Don’t you just hate it when supermarkets and other stores shift all their stock around on the shelves? Just when you know where everything is and you can nip in, grab what you want and get out, you spend ages wandering around trying to find where the hell they’ve put everything. Of course they do it so you see stuff you haven’t noticed before and buy it. So it was that I was wondering around Hobbycraft trying to find where they had hidden the organza ribbon I’d come in to buy and passed a display of different types of scissors.My eye was caught by a pair of pinking shears. These are used by dressmakers to create a serrated edge on fabrics to prevent fraying, but it occurred to me that they might have a use for fly tying and Hobbycraft were better off by £5.
I’d been experimenting with wrapping different materials in tandem to create new textures for nymph bodies (more of that in future articles) and looking at the serrated blades of the pinking shears sparked a vision of overlapping scales. After fiddling around with some different materials I found that cutting Wapsi Thin Skin, which has a stiff card backing, gave the best results.

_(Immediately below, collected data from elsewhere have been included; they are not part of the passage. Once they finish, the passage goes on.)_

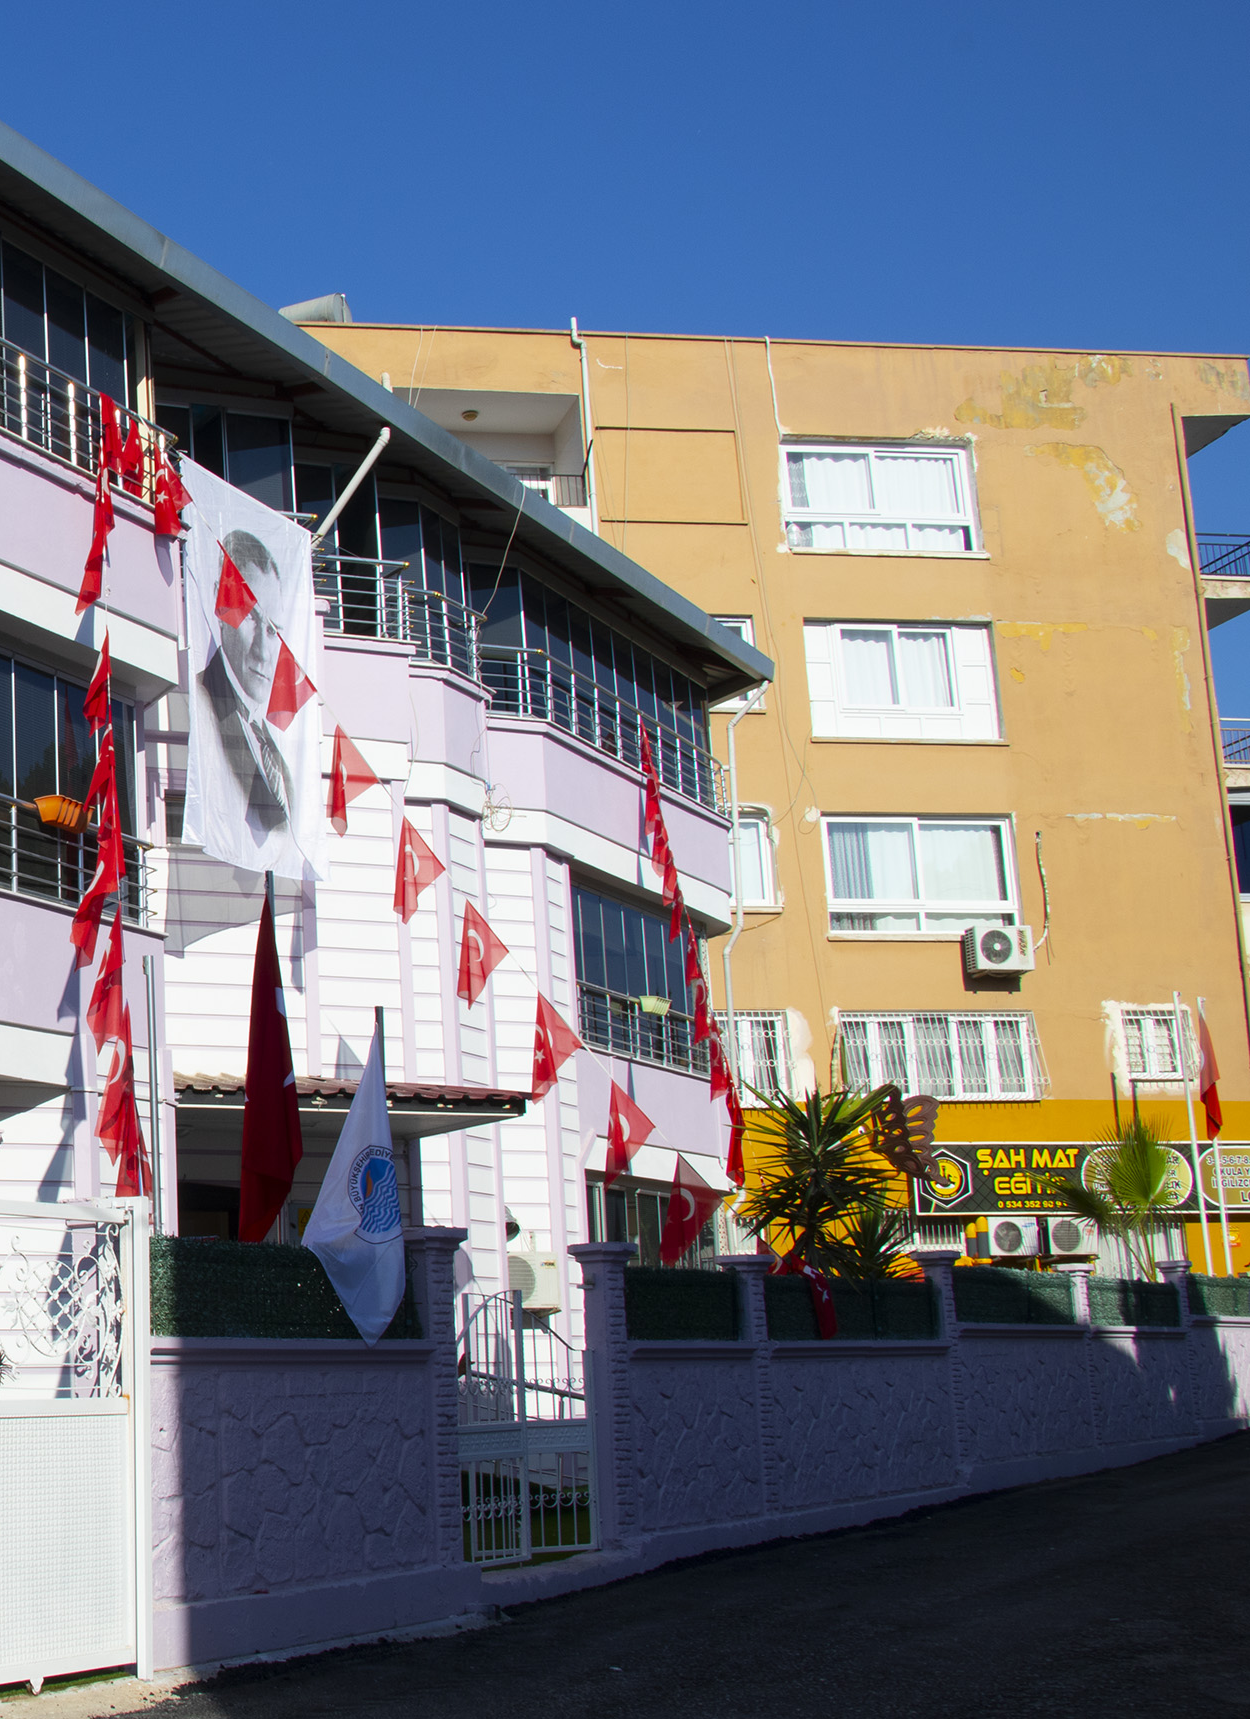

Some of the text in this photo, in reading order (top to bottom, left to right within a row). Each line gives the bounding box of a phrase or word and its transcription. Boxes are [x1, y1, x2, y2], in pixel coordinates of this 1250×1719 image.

[976, 1148, 1027, 1176] ŞAH
[1031, 1148, 1080, 1169] MAT
[1213, 1167, 1243, 1176] KULA
[994, 1171, 1067, 1195] EĞİTİ
[1212, 1177, 1250, 1188] İGİLİZC
[997, 1200, 1004, 1209] 0
[1005, 1200, 1023, 1209] 534
[1024, 1200, 1042, 1209] 352

The trick is to make a cut the length of the serrated blades and then relocate the sheet back in the jaws matching up the teeth with the cut edges and make repeat cuts until you reach the end of the sheet. This produces a narrow strip of body material with one straight edge and one serrated edge. To make a second strip simply cut the pinked edge off the sheet using straight scissors and you’re ready to start again. That’s the only slightly complicated bit done. The rest is simply wrapping two materials, a haircut and a few quick swipes with a marker pen to produce a nymph with a fantastic texture and profile that looks like it needed a complex weaving technique to make. Just the way I like it in fact; it has all the essential elements to create an illusion of life made by a quick simple process which won’t make me curse when it doesn’t come back from a tree or a snag.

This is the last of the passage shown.